In the location Kledi, north of Samiko, Doerpfeld found Mycenaean shells and ruins of cyclopean walls. Also, in 1954, N.Gialoyris found a tomb with graves, in which there were found vessels of the Mycenaean years. Due to the excavator the tomb was built to honour Iardano. The excavations were repeated by El. Papakonstantinoy in the early '80s and they brought into light four more tumuli and a domed tomb that was built inside a tomb.
The last case is exceptionally interesting since it shows that the Mycenaean constructors selected the tomb, continuing the uninterrupted use of the area as burial space and testifying that they belonged in the same race with the Mesoelladites (previous inhabitants of the area).
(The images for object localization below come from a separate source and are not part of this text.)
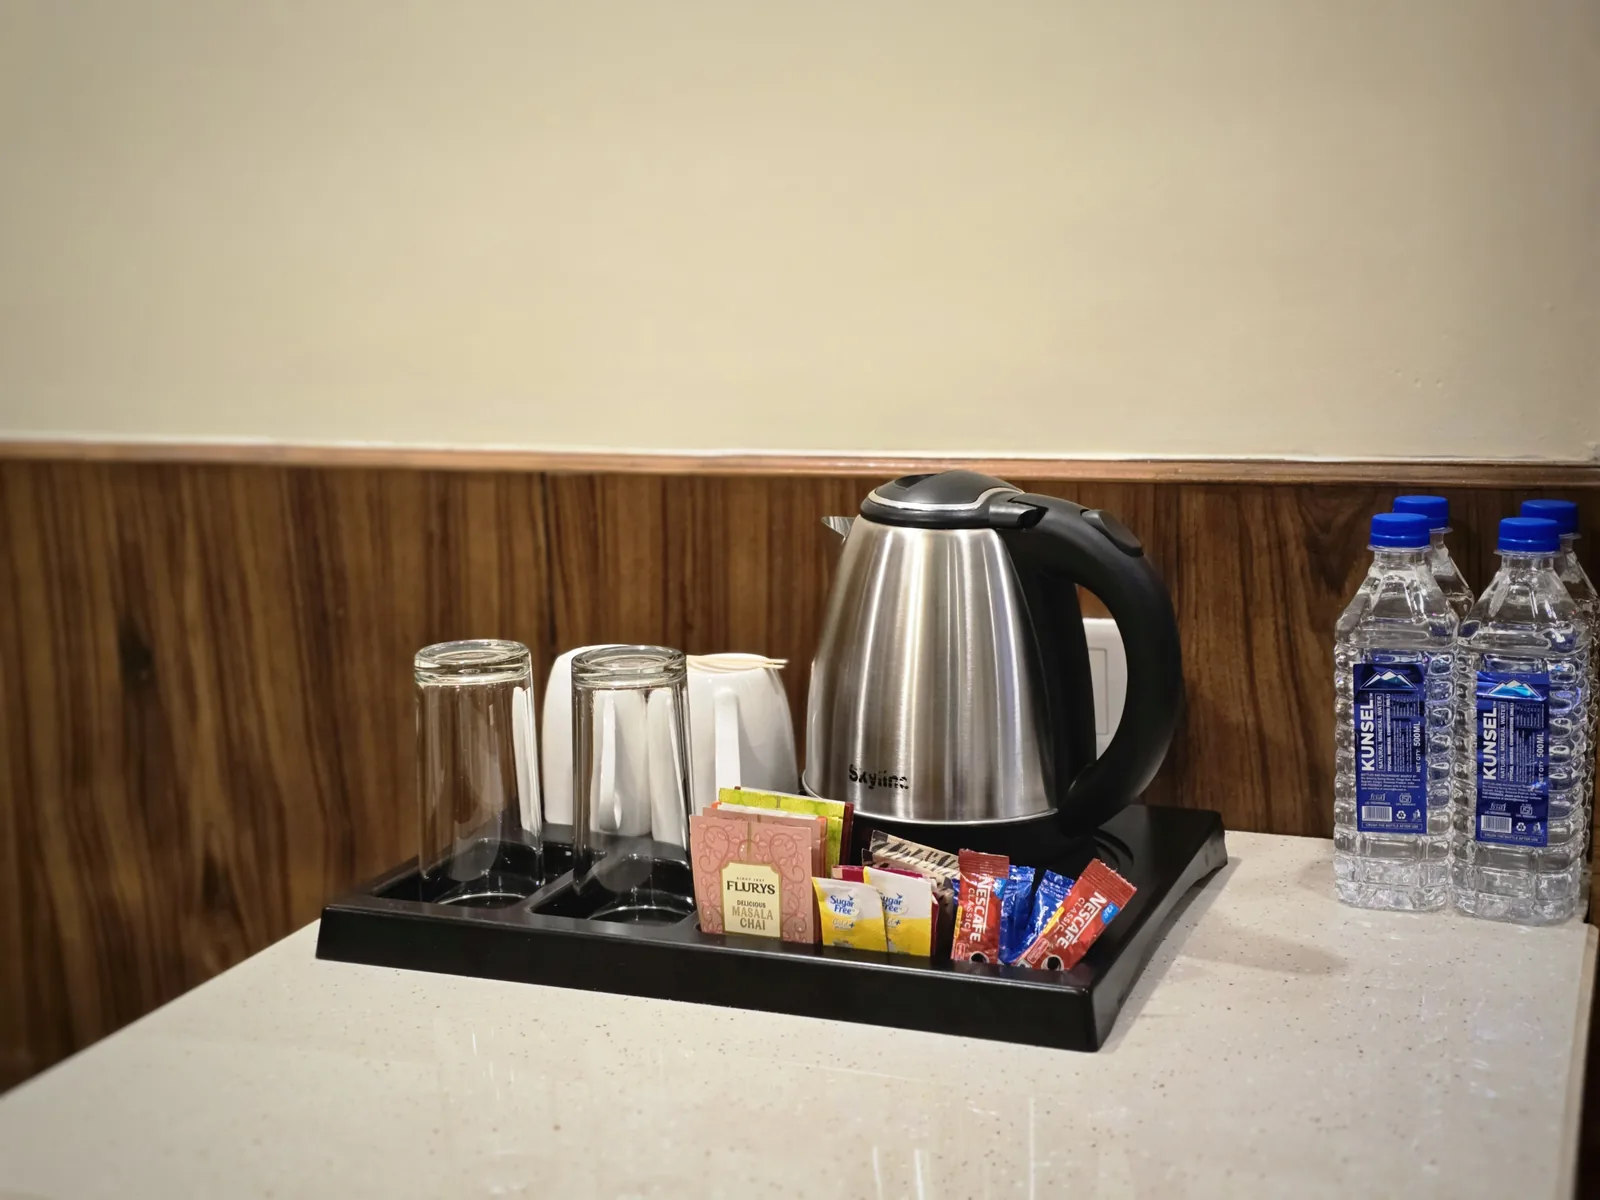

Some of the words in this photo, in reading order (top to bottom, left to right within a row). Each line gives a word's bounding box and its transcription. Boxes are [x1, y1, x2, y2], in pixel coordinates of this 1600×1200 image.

[1360, 699, 1375, 771] KUNSEL
[1483, 707, 1497, 780] KUNSEL
[727, 880, 776, 895] FLURYS
[736, 900, 767, 909] DELICIOUS
[830, 894, 855, 908] Sugar
[881, 896, 903, 906] ugar
[964, 887, 975, 929] CLASSIC
[732, 906, 774, 921] MASALA
[834, 904, 853, 915] Free
[1057, 897, 1085, 932] CLASSIC
[740, 917, 766, 931] CHAI
In the region there still exist ruins of the ancient city Samias, which Paysanias identifies with the Homeric Citadel Arini. Is it also saved a fortified wall that is dated in the Macedonian Period. In the place Kledi, there were revealed relics of a cyclopean wall, a cemetery and a vaulted grave.

Ancient Skillountia

City of Trifylias, which abstains 3.5 km from Olympia. The excavations that have been held in the region of Prophet Ilias Makrision, showed that there had been established a settlement already from the middle (mesoelladiki) period.
Skillous, during the 7th-6th century B.C, had friendly relationship with the city of Pisates, fact that was enough for the Ilians to destroy the city in 572 B.C. Aound 400 B.C. it was dominated by the Spartans, that afterwards granted in Xenofon a big part of the area. Xenophon settled there and founded the Temple of Artemis. The goddess, as it is known, was the protector of hunting. The Athenian historian described hunting scenes. He, his sons and their guests were hunting wild boars and deer in Foloi.